▶ RECORDS FOR THE EXERCISE:
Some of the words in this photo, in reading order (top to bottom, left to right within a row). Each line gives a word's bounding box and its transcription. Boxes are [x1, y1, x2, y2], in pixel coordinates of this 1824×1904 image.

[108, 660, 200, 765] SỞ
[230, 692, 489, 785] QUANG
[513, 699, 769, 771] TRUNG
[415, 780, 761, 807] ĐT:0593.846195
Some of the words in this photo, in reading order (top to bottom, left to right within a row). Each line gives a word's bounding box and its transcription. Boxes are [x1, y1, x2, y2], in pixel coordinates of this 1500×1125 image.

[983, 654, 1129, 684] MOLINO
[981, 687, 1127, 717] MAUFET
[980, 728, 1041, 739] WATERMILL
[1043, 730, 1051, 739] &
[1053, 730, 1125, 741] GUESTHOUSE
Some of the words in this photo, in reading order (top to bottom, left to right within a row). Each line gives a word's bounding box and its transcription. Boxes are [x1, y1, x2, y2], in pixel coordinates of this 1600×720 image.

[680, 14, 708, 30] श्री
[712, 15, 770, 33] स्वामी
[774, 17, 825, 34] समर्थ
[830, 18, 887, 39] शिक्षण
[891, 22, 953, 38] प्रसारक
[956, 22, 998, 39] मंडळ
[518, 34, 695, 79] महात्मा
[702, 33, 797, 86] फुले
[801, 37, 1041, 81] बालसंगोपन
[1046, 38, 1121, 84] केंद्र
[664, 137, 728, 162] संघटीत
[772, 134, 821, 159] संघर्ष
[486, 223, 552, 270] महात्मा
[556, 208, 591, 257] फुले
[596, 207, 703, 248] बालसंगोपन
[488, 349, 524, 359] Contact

▶ WHAT YOU ARE ASKED TO DO: What you return must match the records exactly, down to the last line.

▶ SOLUTION TO THIS PROBLEM:
Some of the words in this photo, in reading order (top to bottom, left to right within a row). Each line gives a word's bounding box and its transcription. Boxes are [x1, y1, x2, y2], in pixel coordinates of this 1824×1904 image.

[108, 660, 200, 765] SỞ
[230, 692, 489, 785] QUANG
[513, 699, 769, 771] TRUNG
[415, 780, 761, 807] ĐT:0593.846195
Some of the words in this photo, in reading order (top to bottom, left to right within a row). Each line gives a word's bounding box and its transcription. Boxes are [x1, y1, x2, y2], in pixel coordinates of this 1500×1125 image.

[983, 654, 1129, 684] MOLINO
[981, 687, 1127, 717] MAUFET
[980, 728, 1041, 739] WATERMILL
[1043, 730, 1051, 739] &
[1053, 730, 1125, 741] GUESTHOUSE
Some of the words in this photo, in reading order (top to bottom, left to right within a row). Each line gives a word's bounding box and its transcription. Boxes are [x1, y1, x2, y2], in pixel coordinates of this 1600×720 image.

[680, 14, 708, 30] श्री
[712, 15, 770, 33] स्वामी
[774, 17, 825, 34] समर्थ
[830, 18, 887, 39] शिक्षण
[891, 22, 953, 38] प्रसारक
[956, 22, 998, 39] मंडळ
[518, 34, 695, 79] महात्मा
[702, 33, 797, 86] फुले
[801, 37, 1041, 81] बालसंगोपन
[1046, 38, 1121, 84] केंद्र
[664, 137, 728, 162] संघटीत
[772, 134, 821, 159] संघर्ष
[486, 223, 552, 270] महात्मा
[556, 208, 591, 257] फुले
[596, 207, 703, 248] बालसंगोपन
[488, 349, 524, 359] Contact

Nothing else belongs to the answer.